Source records
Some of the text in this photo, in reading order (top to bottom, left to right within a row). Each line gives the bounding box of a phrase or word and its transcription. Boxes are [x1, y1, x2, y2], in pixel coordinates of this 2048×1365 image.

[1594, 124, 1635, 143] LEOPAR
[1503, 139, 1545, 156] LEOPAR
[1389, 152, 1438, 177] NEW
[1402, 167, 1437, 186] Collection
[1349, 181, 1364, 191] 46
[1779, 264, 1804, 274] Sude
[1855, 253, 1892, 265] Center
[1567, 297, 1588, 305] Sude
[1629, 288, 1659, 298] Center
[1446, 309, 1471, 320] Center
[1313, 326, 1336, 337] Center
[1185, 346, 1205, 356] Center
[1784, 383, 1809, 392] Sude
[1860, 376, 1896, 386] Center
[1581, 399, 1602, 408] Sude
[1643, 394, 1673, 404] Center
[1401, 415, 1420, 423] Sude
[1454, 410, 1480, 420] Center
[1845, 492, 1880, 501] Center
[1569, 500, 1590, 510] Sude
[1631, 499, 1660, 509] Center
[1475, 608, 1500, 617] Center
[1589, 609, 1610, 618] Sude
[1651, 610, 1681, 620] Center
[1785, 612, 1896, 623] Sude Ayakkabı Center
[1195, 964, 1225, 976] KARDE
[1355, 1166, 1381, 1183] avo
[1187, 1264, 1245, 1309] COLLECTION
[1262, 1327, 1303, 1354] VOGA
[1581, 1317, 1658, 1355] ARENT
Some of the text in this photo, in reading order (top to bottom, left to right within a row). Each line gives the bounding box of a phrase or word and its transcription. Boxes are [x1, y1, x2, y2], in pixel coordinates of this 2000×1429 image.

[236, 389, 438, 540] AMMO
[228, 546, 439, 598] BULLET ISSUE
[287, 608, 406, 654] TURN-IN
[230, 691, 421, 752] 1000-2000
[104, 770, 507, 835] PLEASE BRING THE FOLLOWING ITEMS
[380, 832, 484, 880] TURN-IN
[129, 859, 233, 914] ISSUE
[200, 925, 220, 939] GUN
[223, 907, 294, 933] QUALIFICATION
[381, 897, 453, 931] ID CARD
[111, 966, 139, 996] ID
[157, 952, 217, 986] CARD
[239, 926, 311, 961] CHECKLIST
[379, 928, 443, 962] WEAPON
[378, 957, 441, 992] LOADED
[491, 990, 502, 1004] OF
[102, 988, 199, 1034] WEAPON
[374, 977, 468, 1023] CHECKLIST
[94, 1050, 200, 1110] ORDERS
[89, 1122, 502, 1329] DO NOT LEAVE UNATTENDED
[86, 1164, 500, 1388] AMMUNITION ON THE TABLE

EXERCISE OBJECTIVE
Each line of the data is to be output exactly, with none skipped.

PROBLEM SOLUTION
Some of the text in this photo, in reading order (top to bottom, left to right within a row). Each line gives the bounding box of a phrase or word and its transcription. Boxes are [x1, y1, x2, y2], in pixel coordinates of this 2048×1365 image.

[1594, 124, 1635, 143] LEOPAR
[1503, 139, 1545, 156] LEOPAR
[1389, 152, 1438, 177] NEW
[1402, 167, 1437, 186] Collection
[1349, 181, 1364, 191] 46
[1779, 264, 1804, 274] Sude
[1855, 253, 1892, 265] Center
[1567, 297, 1588, 305] Sude
[1629, 288, 1659, 298] Center
[1446, 309, 1471, 320] Center
[1313, 326, 1336, 337] Center
[1185, 346, 1205, 356] Center
[1784, 383, 1809, 392] Sude
[1860, 376, 1896, 386] Center
[1581, 399, 1602, 408] Sude
[1643, 394, 1673, 404] Center
[1401, 415, 1420, 423] Sude
[1454, 410, 1480, 420] Center
[1845, 492, 1880, 501] Center
[1569, 500, 1590, 510] Sude
[1631, 499, 1660, 509] Center
[1475, 608, 1500, 617] Center
[1589, 609, 1610, 618] Sude
[1651, 610, 1681, 620] Center
[1785, 612, 1896, 623] Sude Ayakkabı Center
[1195, 964, 1225, 976] KARDE
[1355, 1166, 1381, 1183] avo
[1187, 1264, 1245, 1309] COLLECTION
[1262, 1327, 1303, 1354] VOGA
[1581, 1317, 1658, 1355] ARENT
Some of the text in this photo, in reading order (top to bottom, left to right within a row). Each line gives the bounding box of a phrase or word and its transcription. Boxes are [x1, y1, x2, y2], in pixel coordinates of this 2000×1429 image.

[236, 389, 438, 540] AMMO
[228, 546, 439, 598] BULLET ISSUE
[287, 608, 406, 654] TURN-IN
[230, 691, 421, 752] 1000-2000
[104, 770, 507, 835] PLEASE BRING THE FOLLOWING ITEMS
[380, 832, 484, 880] TURN-IN
[129, 859, 233, 914] ISSUE
[200, 925, 220, 939] GUN
[223, 907, 294, 933] QUALIFICATION
[381, 897, 453, 931] ID CARD
[111, 966, 139, 996] ID
[157, 952, 217, 986] CARD
[239, 926, 311, 961] CHECKLIST
[379, 928, 443, 962] WEAPON
[378, 957, 441, 992] LOADED
[491, 990, 502, 1004] OF
[102, 988, 199, 1034] WEAPON
[374, 977, 468, 1023] CHECKLIST
[94, 1050, 200, 1110] ORDERS
[89, 1122, 502, 1329] DO NOT LEAVE UNATTENDED
[86, 1164, 500, 1388] AMMUNITION ON THE TABLE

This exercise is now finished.